I try to make every moment count, not to think too much about the future and live for today. I donot know if this will help you but hope that other people in this situtaion will reply to you message, just did not want you to feel alone.
Thinking of you.

Hello J2007

I am not sure how old you are, or your Mum, so it is difficult to know what to say, but my Mum was diagnosed with primary and secondary breast cancer at the same time. She was 76 then. Yes, it was a terrible shock, but the doctors did a great job in managing it for some time. It did get difficult towards the end, but up to then, she carried on much as before while she could.

It is true that your Mum will want you to treat her just as before, with love and kindness, but not smothering. I think I was guilty of that towards the end, trying to make suggestions which might help, but probably being a pain.

Yes, you do get through it. It is amazing what you can cope with when you have to. You will have your ups and downs and she will understand this, but you will find the strength every time you need it. Try to make time for yourself, though. You cannot support someone if you are in need of support yourself.

Best wishes to you and your family.

Love Ann xx

Hello J2007, I just wrote a reply to your letter but it has got lost so will re-try. I am a Mum, aged 59 with 2 daughters who are now 27 and 34. I first had BC when I was 39 and 10 years ago was diagnosed with secondaries in my bones. I would be only too happy to listen to you and help if I can. I am glad that you have a good relationship with your Mum but sometimes it is good to have someone else to share your worries with so that you can be honest with yourself. Sometimes just saying or writing down what you are worried about actually helps you work things out in your own mind. I gave up work 10 years ago and take lots of medication too. Please let me know how you are feeling and if you prefer you can send me a private message. Perhaps I will learn something that would give me an insight of the worries my own daughters have. Ask me anything you like and I will do my best to answer you honestly. We are here to help you through this difficult time. Lots of love and big hugs from Val (Scottishlass)

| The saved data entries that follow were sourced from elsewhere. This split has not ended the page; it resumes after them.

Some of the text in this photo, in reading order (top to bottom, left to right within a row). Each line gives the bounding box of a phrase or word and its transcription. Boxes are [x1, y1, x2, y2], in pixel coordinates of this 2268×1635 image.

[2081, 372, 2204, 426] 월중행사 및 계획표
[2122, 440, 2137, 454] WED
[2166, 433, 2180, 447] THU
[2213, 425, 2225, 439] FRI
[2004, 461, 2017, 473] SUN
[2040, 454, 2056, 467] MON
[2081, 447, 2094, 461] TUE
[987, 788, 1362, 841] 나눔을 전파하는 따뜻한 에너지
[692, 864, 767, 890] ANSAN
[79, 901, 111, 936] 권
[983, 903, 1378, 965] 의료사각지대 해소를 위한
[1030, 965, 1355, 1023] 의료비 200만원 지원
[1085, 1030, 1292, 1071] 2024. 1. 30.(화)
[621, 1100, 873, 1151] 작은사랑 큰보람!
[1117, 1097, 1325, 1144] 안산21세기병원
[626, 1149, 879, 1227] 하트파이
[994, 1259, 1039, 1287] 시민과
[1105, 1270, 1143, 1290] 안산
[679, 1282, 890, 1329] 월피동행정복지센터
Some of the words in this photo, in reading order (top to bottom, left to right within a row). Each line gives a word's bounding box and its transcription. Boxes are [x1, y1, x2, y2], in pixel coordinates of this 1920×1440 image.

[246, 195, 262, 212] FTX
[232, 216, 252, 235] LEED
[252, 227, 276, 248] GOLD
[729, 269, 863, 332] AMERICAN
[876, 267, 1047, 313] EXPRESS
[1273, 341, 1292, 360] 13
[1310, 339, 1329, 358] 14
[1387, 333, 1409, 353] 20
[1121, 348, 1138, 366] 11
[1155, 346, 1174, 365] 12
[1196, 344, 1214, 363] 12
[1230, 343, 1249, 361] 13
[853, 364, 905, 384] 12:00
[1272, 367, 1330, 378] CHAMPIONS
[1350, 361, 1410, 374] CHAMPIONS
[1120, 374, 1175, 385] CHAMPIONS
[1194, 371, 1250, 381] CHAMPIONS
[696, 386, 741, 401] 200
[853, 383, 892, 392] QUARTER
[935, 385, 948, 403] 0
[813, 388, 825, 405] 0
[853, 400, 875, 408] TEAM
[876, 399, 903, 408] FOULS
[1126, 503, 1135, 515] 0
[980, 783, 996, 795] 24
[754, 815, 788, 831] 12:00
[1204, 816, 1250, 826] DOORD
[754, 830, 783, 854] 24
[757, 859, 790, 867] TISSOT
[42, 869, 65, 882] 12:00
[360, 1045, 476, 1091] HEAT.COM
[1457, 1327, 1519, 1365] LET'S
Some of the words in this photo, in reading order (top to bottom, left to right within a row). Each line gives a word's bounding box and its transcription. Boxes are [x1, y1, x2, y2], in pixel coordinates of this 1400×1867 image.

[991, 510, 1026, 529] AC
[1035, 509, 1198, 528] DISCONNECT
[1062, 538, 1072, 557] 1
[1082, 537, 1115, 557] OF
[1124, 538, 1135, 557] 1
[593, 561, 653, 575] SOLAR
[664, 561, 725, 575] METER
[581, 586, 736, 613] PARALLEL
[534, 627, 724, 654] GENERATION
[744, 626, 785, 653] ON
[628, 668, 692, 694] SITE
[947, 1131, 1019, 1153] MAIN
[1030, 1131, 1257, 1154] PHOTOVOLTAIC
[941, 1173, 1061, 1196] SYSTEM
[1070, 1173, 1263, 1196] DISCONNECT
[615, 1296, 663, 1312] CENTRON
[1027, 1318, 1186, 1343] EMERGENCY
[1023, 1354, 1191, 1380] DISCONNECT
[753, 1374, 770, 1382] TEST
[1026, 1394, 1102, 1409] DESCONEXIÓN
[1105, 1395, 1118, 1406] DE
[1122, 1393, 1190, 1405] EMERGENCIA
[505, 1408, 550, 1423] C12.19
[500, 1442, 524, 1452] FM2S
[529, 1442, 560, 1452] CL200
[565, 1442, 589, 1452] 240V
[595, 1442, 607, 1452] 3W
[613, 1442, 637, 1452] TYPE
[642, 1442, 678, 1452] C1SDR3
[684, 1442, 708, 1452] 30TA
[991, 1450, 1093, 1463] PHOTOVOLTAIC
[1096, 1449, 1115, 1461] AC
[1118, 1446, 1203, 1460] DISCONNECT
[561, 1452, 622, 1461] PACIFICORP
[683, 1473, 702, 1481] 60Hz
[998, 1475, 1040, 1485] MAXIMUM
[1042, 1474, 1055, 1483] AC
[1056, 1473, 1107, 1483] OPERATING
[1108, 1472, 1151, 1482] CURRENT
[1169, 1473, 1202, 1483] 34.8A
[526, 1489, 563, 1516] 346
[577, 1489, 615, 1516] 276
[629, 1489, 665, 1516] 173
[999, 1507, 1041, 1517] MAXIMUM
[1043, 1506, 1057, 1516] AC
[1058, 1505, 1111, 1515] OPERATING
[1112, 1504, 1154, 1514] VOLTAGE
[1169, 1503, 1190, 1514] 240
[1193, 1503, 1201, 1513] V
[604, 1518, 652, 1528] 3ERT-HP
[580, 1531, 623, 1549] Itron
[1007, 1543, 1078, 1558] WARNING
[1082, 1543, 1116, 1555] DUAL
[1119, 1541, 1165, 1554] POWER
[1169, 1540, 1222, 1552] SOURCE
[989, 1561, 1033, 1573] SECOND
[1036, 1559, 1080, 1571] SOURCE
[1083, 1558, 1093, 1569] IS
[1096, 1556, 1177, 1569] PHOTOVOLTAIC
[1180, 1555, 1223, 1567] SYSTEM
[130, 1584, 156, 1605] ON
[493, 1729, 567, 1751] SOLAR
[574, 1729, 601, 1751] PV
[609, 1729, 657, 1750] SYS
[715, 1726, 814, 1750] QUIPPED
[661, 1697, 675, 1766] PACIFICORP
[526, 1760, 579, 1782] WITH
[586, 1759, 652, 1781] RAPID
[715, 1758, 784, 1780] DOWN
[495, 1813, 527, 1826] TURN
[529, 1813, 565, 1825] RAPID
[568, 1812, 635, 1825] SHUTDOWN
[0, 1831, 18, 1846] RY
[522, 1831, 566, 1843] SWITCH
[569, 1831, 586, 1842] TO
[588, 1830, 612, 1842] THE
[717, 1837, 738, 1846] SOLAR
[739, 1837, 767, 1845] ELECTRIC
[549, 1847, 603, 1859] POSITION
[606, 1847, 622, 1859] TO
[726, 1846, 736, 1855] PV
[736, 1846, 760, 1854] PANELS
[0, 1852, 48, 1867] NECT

Thank u for your kind comments.

I don’t think actively my behaviour is different infront of my mum. We continue to spend time together and have fun. However, this is how I feel on the inside and I know that keeping emotions and feeling inside is not healthy.

Dear J2007,
I an a psychotherapist and would urge you to get some support in the way of counselling/therapy. as you say keeping emotions in is not useful or good for you. If you feel better in yourself, you will then have the emotional space to support your mum in this very difficult time for both of you
Best wishes
Leadie

I am sorry to hear all that you’re going through. I’m not in the same situation but following on from Leadie’s post if you felt you wanted some help I would recommend the Cancer Counselling Trust. You can have 9 sessions of telephone counselling and they ask for a donation rather than a fee. Although 9 sessions isn’t a lot it did help me to have a safe place to express my emotions. I gained much from having it. Their website will give you more information:
cancercounselling.org.uk

A big hug to you
Elinda x

Dear J2007, I sent you a private message but have not heard back from you and wondered how you were doing and if you had managed to get any help. I’d love to hear your story and give you a listening ear so that you can share what is troubling you. If I can be of any help please be feel to contact me. I also wondered how your Mum is doing? Love Val (Scottishlass) X

Hi Val

I did send you a Private Message earlier tonite, or so I thought unless I have typed the wrong button.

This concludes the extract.